## Work to complete
Output, word for word, the line that contains "this 1600×1200 image." and all lines after it in the records below, omitting pictures.

─── Provided data

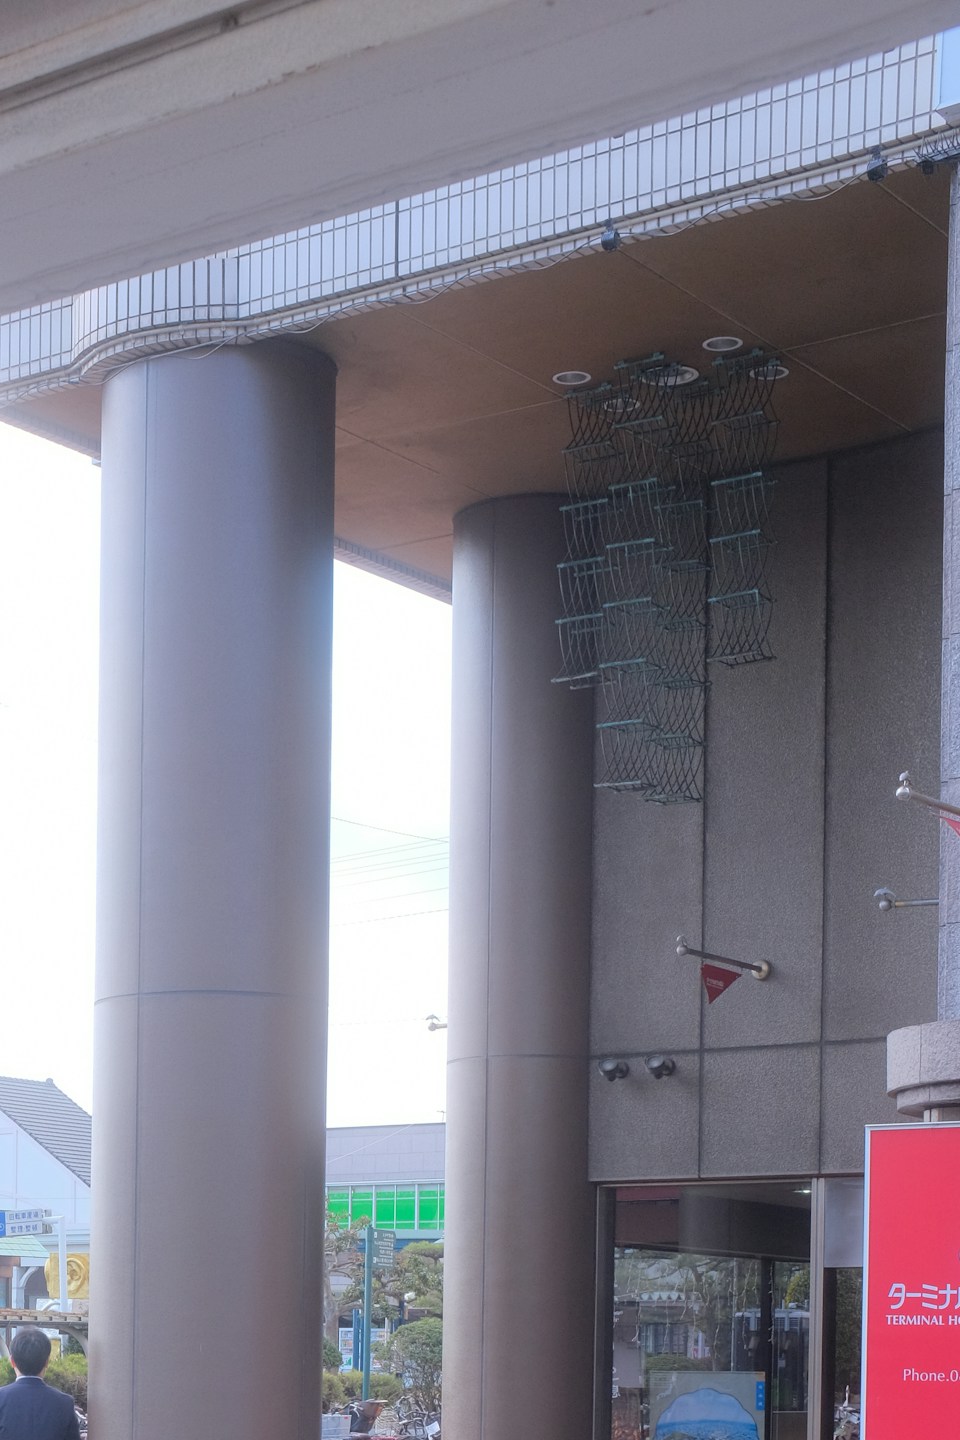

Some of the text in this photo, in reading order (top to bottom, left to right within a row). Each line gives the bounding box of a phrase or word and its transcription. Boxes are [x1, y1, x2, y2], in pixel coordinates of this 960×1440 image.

[885, 1314, 960, 1326] TERMINAL H
[903, 1367, 960, 1383] Phone.0
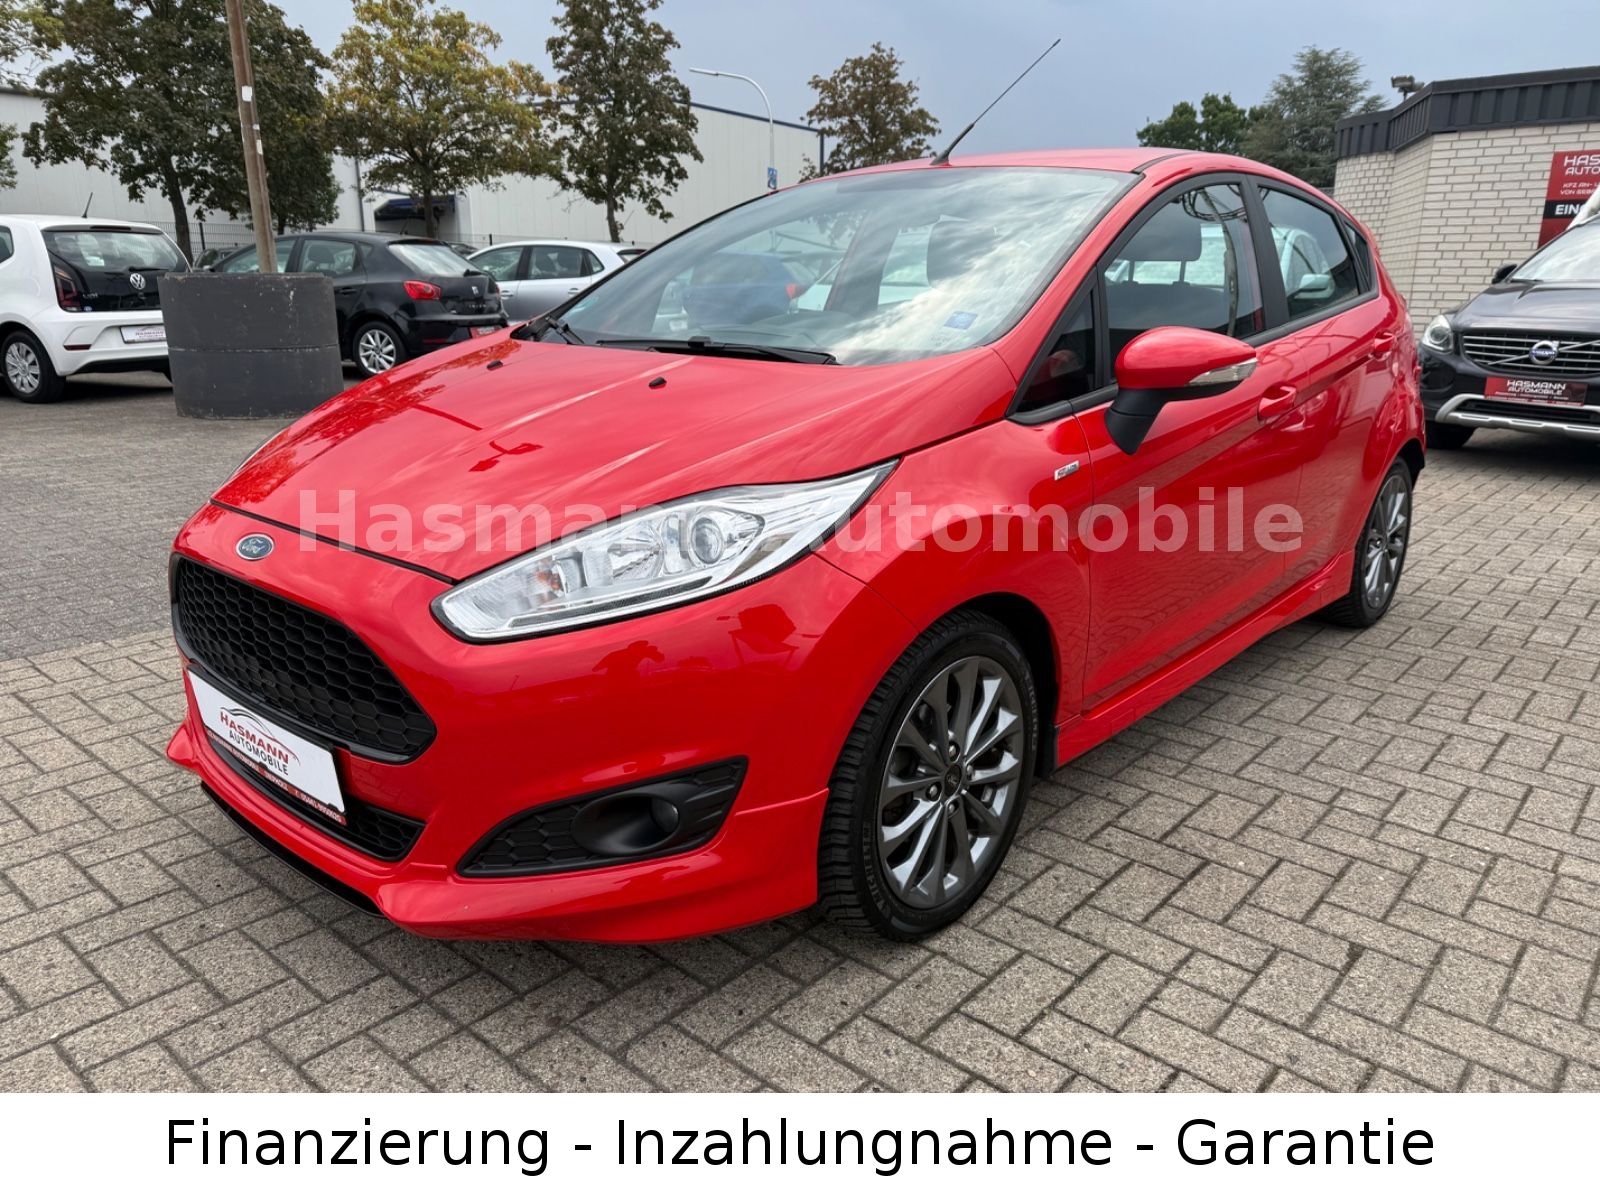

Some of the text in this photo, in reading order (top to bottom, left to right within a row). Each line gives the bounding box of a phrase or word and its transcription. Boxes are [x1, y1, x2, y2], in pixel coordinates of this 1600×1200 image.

[1555, 203, 1582, 215] EIN
[1506, 380, 1567, 390] HASMANN
[1507, 387, 1563, 395] AUTOMOBILE
[220, 711, 289, 764] HASMANN
[229, 730, 289, 776] AUTOMOBILE
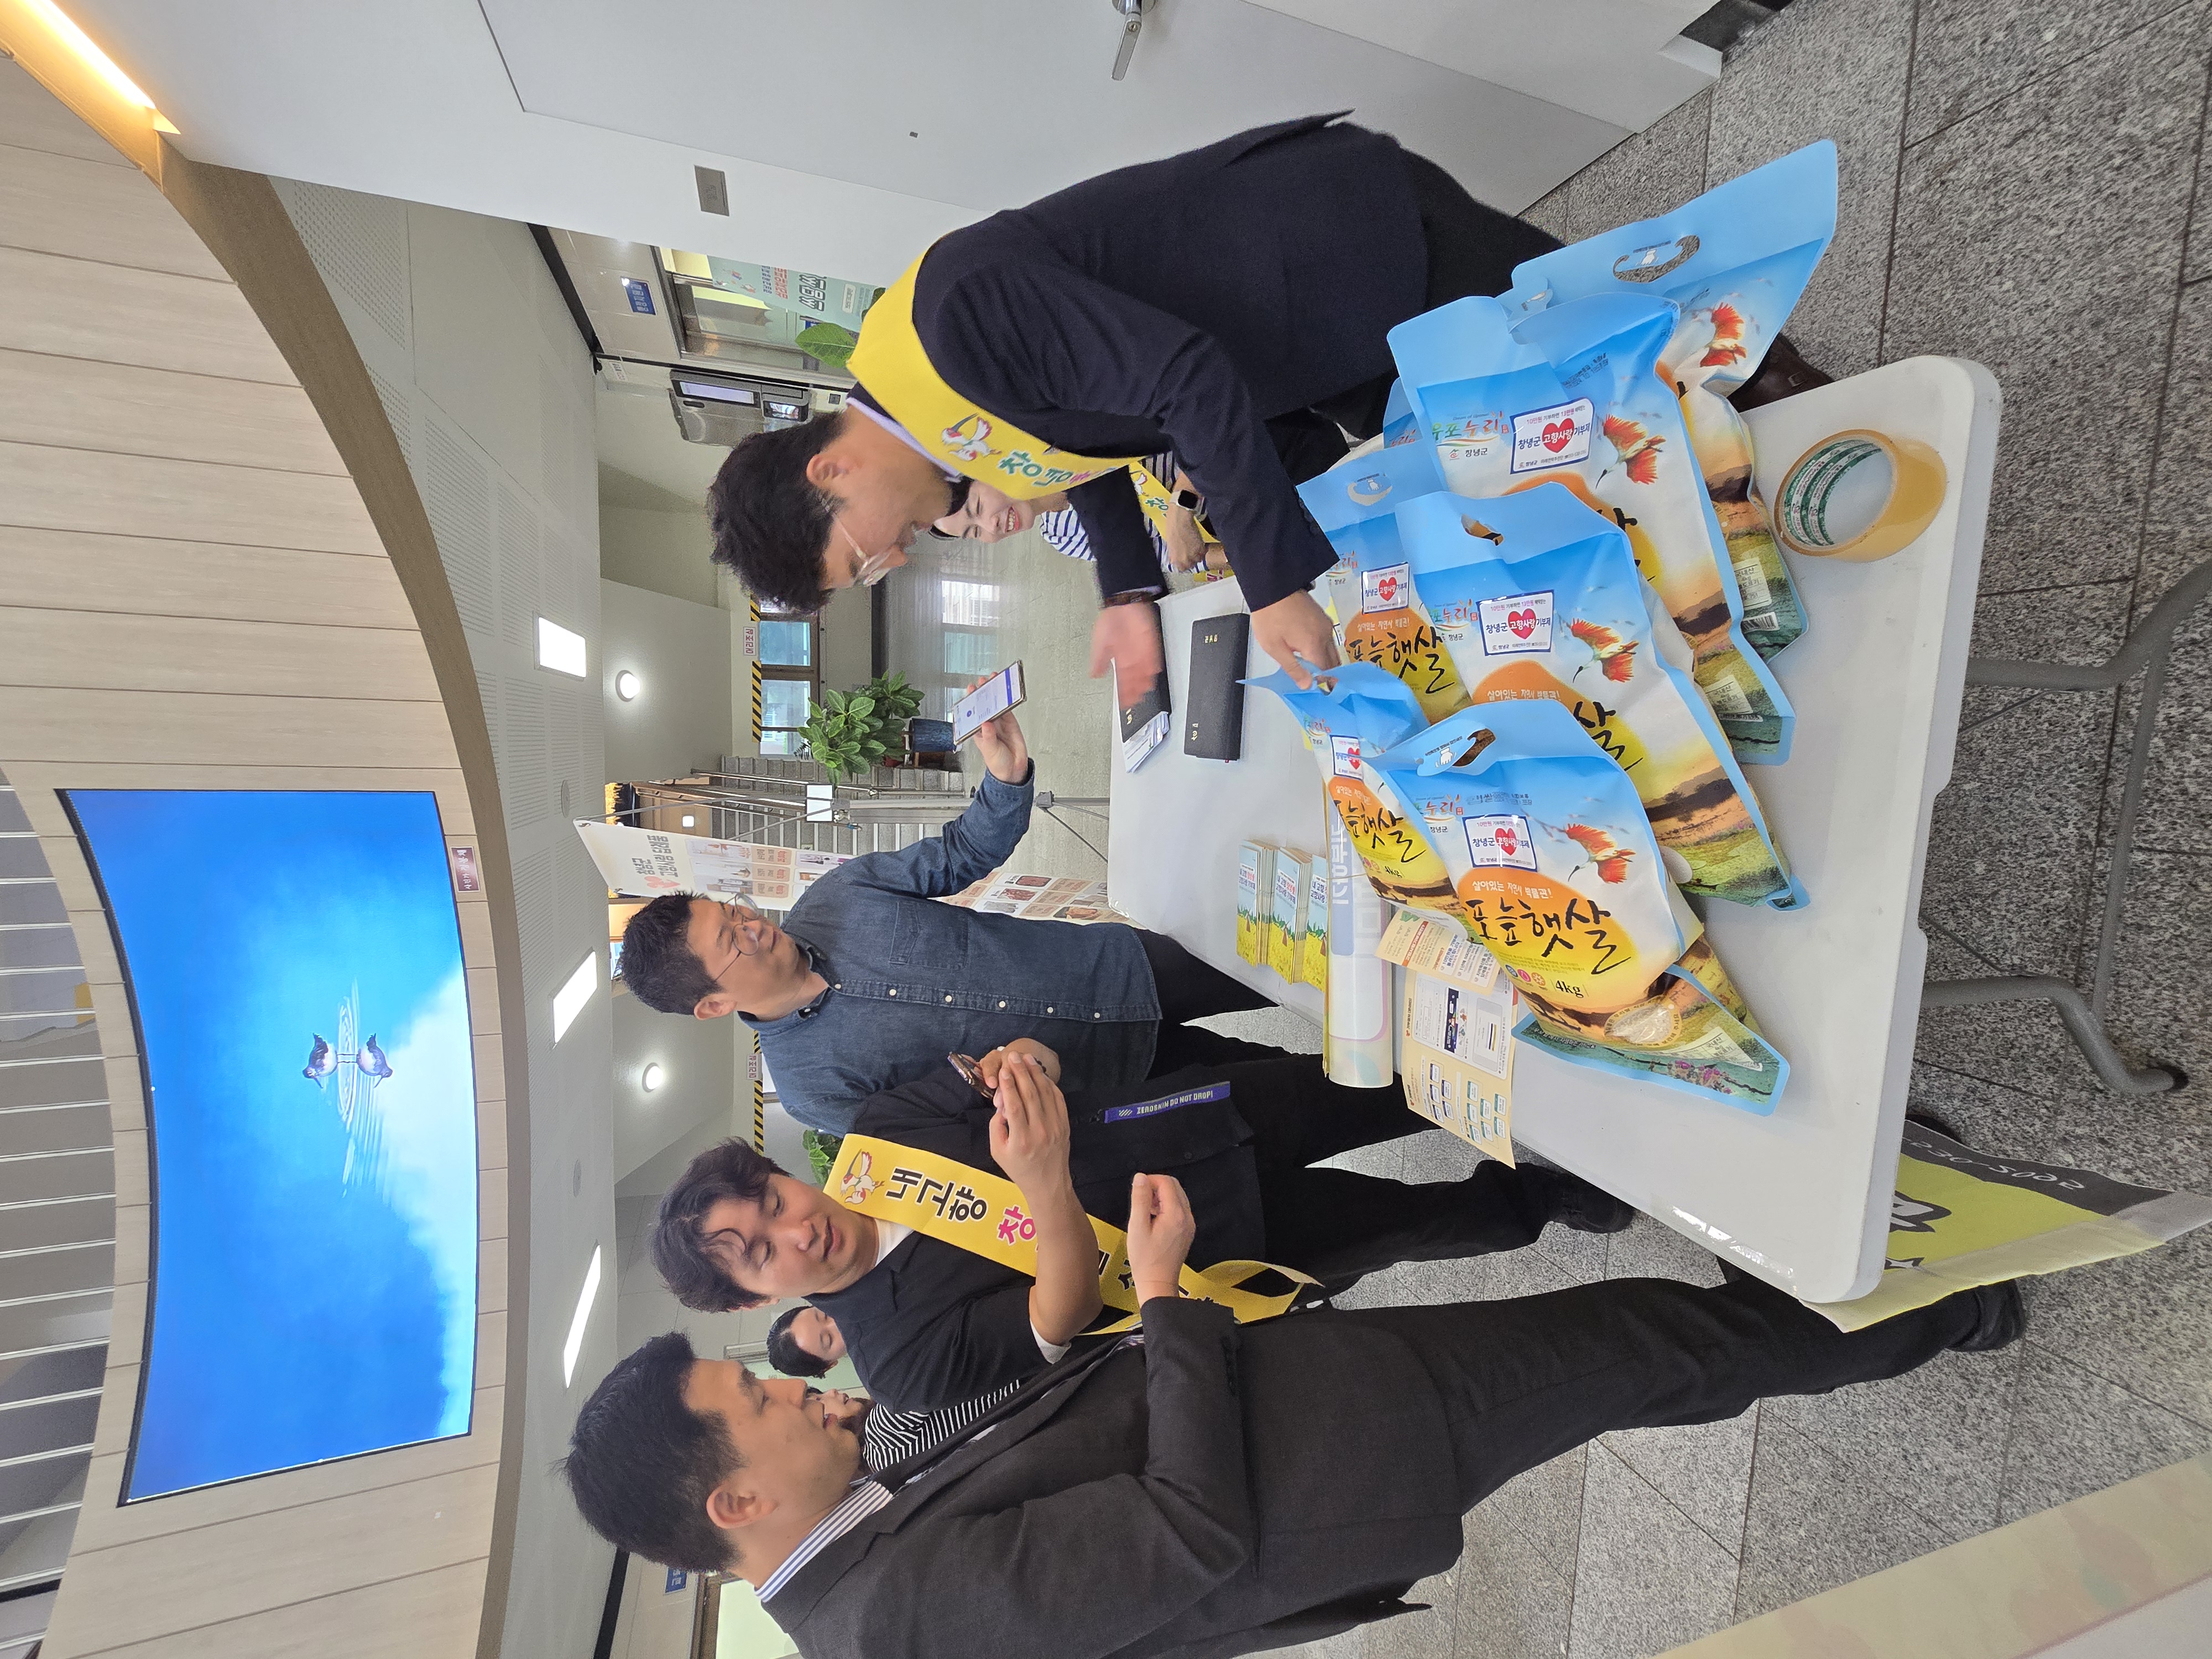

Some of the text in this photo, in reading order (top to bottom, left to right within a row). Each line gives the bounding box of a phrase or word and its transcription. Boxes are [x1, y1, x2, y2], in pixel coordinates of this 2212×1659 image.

[631, 284, 649, 311] 행정지원과
[799, 276, 827, 311] 쓰담쓰
[1527, 416, 1542, 425] 10만원
[1543, 413, 1559, 421] 기부하면
[1518, 436, 1541, 450] 창녕군
[1465, 447, 1488, 457] 창녕군
[1145, 498, 1168, 515] 창
[1735, 567, 1755, 577] 국내산
[1431, 607, 1467, 623] 포누리
[1358, 622, 1375, 632] 살아있는
[1378, 620, 1393, 629] 자연사
[1486, 623, 1508, 634] 창녕군
[1487, 690, 1517, 700] 살아있는
[1473, 838, 1495, 847] 창녕군
[646, 835, 678, 877] 고향사랑 답례품
[632, 858, 655, 875] 창녕군
[462, 874, 472, 889] 사진가
[1472, 880, 1553, 899] 살아있는 자연사 박물관!
[1464, 897, 1631, 974] 포늪햇살
[1556, 980, 1584, 998] 4kg
[748, 1055, 757, 1078] 머리조심
[1170, 1098, 1178, 1106] DO
[1180, 1093, 1192, 1103] NOT
[997, 1205, 1037, 1244] 창

──────

## Response area
Some of the text in this photo, in reading order (top to bottom, left to right within a row). Each line gives the bounding box of a phrase or word and its transcription. Boxes are [x1, y1, x2, y2], in pixel coordinates of this 1600×1200 image.

[1555, 203, 1582, 215] EIN
[1506, 380, 1567, 390] HASMANN
[1507, 387, 1563, 395] AUTOMOBILE
[220, 711, 289, 764] HASMANN
[229, 730, 289, 776] AUTOMOBILE

Some of the text in this photo, in reading order (top to bottom, left to right within a row). Each line gives the bounding box of a phrase or word and its transcription. Boxes are [x1, y1, x2, y2], in pixel coordinates of this 2212×1659 image.

[631, 284, 649, 311] 행정지원과
[799, 276, 827, 311] 쓰담쓰
[1527, 416, 1542, 425] 10만원
[1543, 413, 1559, 421] 기부하면
[1518, 436, 1541, 450] 창녕군
[1465, 447, 1488, 457] 창녕군
[1145, 498, 1168, 515] 창
[1735, 567, 1755, 577] 국내산
[1431, 607, 1467, 623] 포누리
[1358, 622, 1375, 632] 살아있는
[1378, 620, 1393, 629] 자연사
[1486, 623, 1508, 634] 창녕군
[1487, 690, 1517, 700] 살아있는
[1473, 838, 1495, 847] 창녕군
[646, 835, 678, 877] 고향사랑 답례품
[632, 858, 655, 875] 창녕군
[462, 874, 472, 889] 사진가
[1472, 880, 1553, 899] 살아있는 자연사 박물관!
[1464, 897, 1631, 974] 포늪햇살
[1556, 980, 1584, 998] 4kg
[748, 1055, 757, 1078] 머리조심
[1170, 1098, 1178, 1106] DO
[1180, 1093, 1192, 1103] NOT
[997, 1205, 1037, 1244] 창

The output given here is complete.